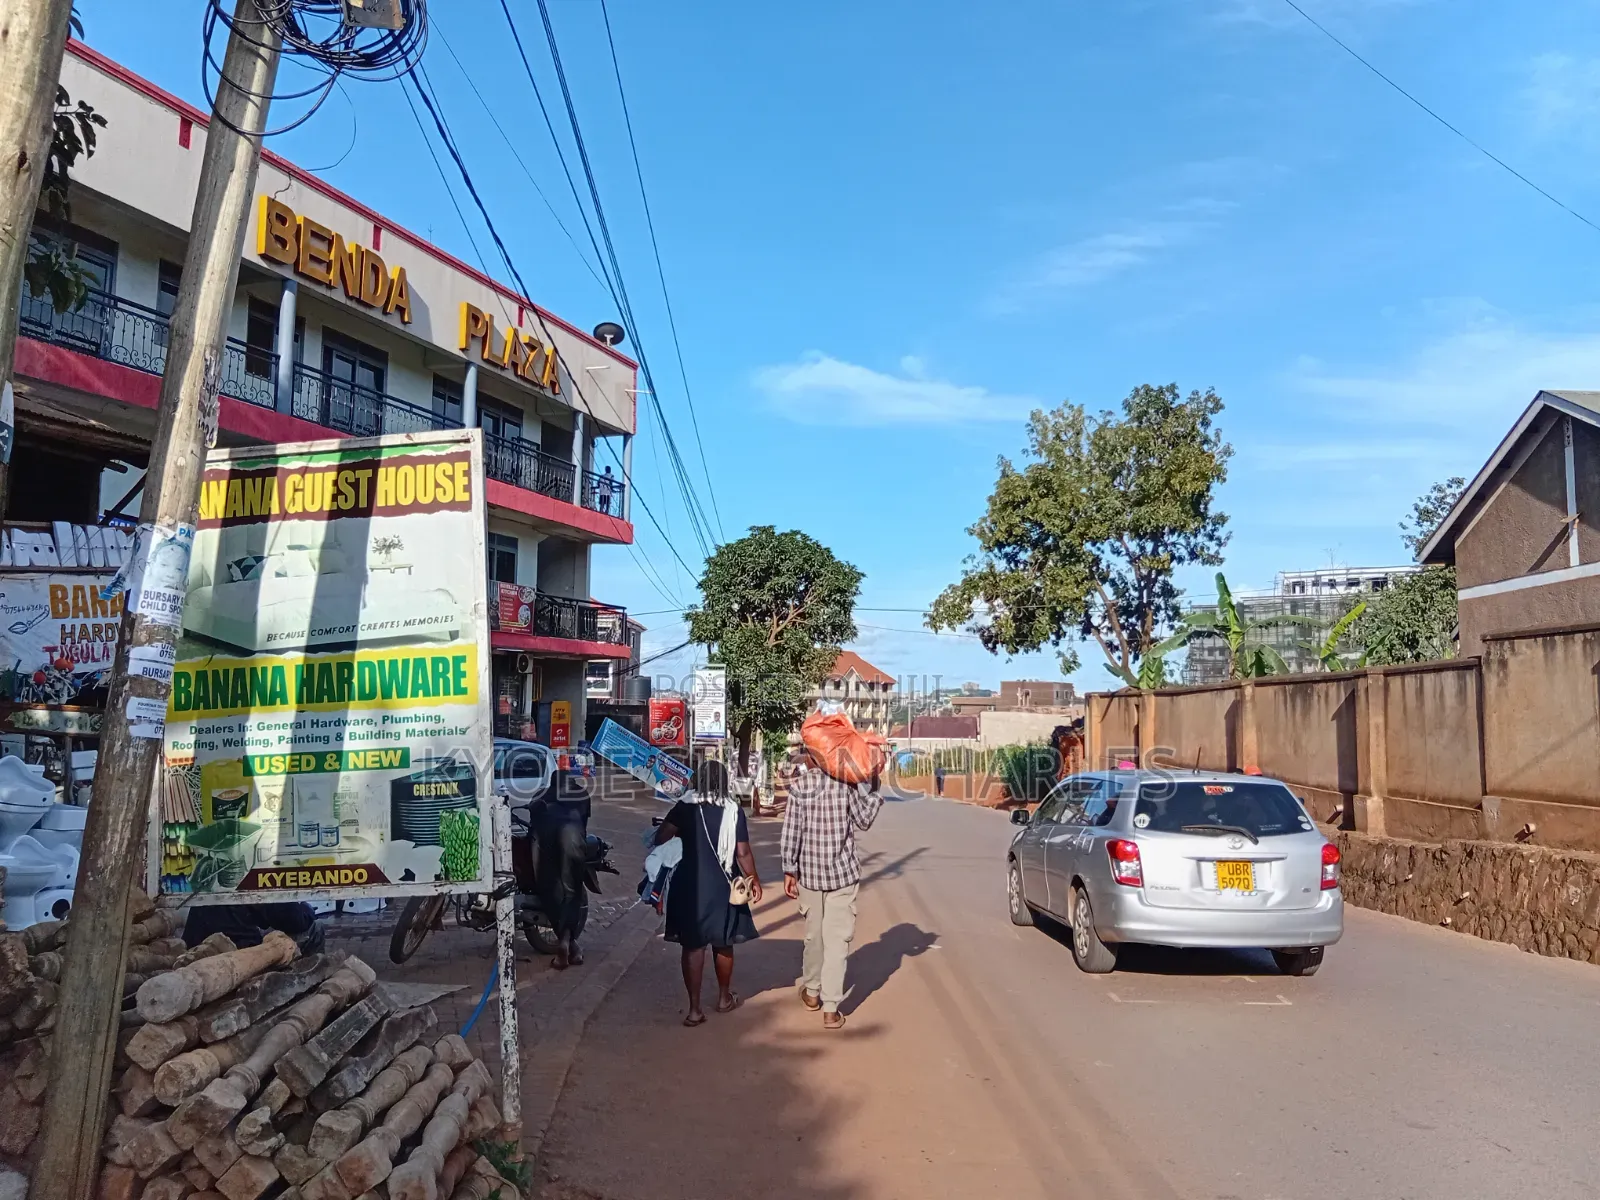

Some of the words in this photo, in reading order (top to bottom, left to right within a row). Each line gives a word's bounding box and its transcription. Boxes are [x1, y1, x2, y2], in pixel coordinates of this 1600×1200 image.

[257, 195, 413, 325] BENDA
[459, 301, 560, 395] PLAZA
[285, 468, 374, 515] GUEST
[376, 461, 471, 507] HOUSE
[140, 599, 168, 612] CHILD
[143, 590, 181, 605] BURSARY
[266, 630, 306, 643] BECAUSE
[310, 624, 357, 637] COMFORT
[360, 620, 400, 632] CREATES
[402, 614, 455, 628] MEMORIES
[173, 664, 290, 712] BANANA
[294, 655, 469, 705] HARDWARE
[189, 723, 235, 735] Dealers
[238, 722, 253, 734] In:
[256, 719, 307, 732] General
[310, 715, 378, 730] Hardware,
[381, 711, 446, 727] Plumbing,
[172, 738, 219, 751] Roofing,
[222, 735, 274, 750] Welding,
[277, 731, 330, 746] Painting
[334, 732, 345, 743] &
[348, 728, 402, 744] Building
[405, 725, 466, 738] Materials
[254, 752, 317, 775] USED
[323, 751, 341, 770] &
[348, 749, 403, 770] NEW
[412, 781, 460, 797] CRESTANK
[257, 867, 369, 888] KYEBANDO
[1227, 863, 1250, 876] UBR
[1221, 877, 1251, 890] 597Q
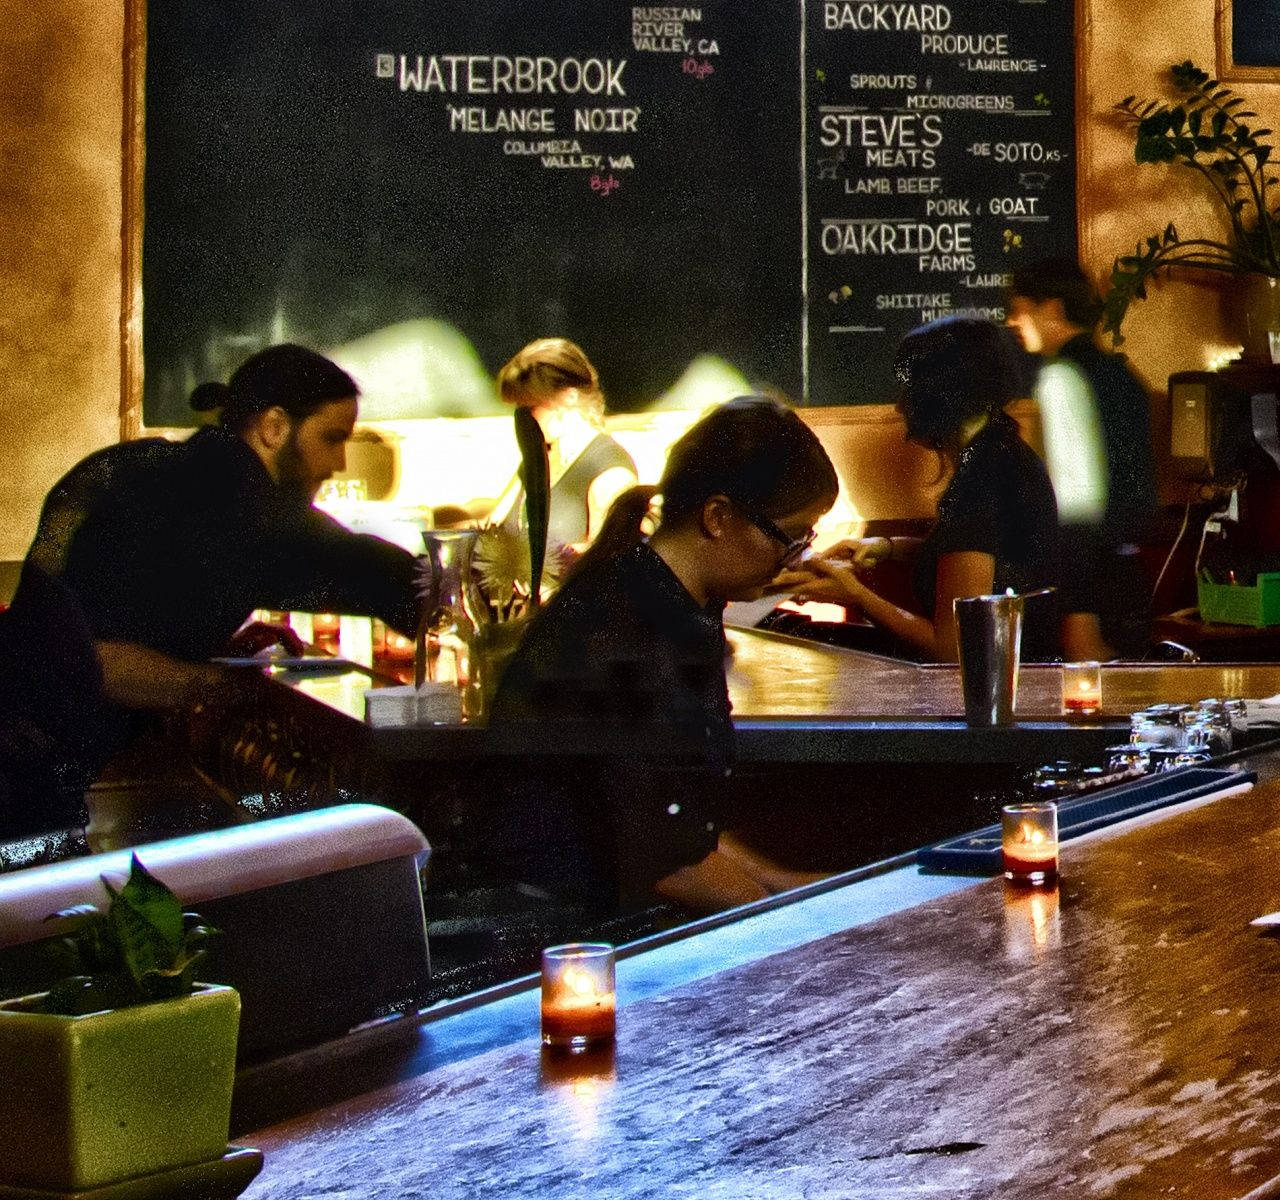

[Exercise objective]
Across all the lines above, repeat the wording exactly and omit the pictures.

[Written answer]
Some of the words in this photo, in reading order (top to bottom, left to right within a row). Each line gives a word's bounding box and its transcription. Boxes are [x1, y1, x2, y2], in pixel coordinates of this 1600×1200 image.

[257, 195, 413, 325] BENDA
[459, 301, 560, 395] PLAZA
[285, 468, 374, 515] GUEST
[376, 461, 471, 507] HOUSE
[140, 599, 168, 612] CHILD
[143, 590, 181, 605] BURSARY
[266, 630, 306, 643] BECAUSE
[310, 624, 357, 637] COMFORT
[360, 620, 400, 632] CREATES
[402, 614, 455, 628] MEMORIES
[173, 664, 290, 712] BANANA
[294, 655, 469, 705] HARDWARE
[189, 723, 235, 735] Dealers
[238, 722, 253, 734] In:
[256, 719, 307, 732] General
[310, 715, 378, 730] Hardware,
[381, 711, 446, 727] Plumbing,
[172, 738, 219, 751] Roofing,
[222, 735, 274, 750] Welding,
[277, 731, 330, 746] Painting
[334, 732, 345, 743] &
[348, 728, 402, 744] Building
[405, 725, 466, 738] Materials
[254, 752, 317, 775] USED
[323, 751, 341, 770] &
[348, 749, 403, 770] NEW
[412, 781, 460, 797] CRESTANK
[257, 867, 369, 888] KYEBANDO
[1227, 863, 1250, 876] UBR
[1221, 877, 1251, 890] 597Q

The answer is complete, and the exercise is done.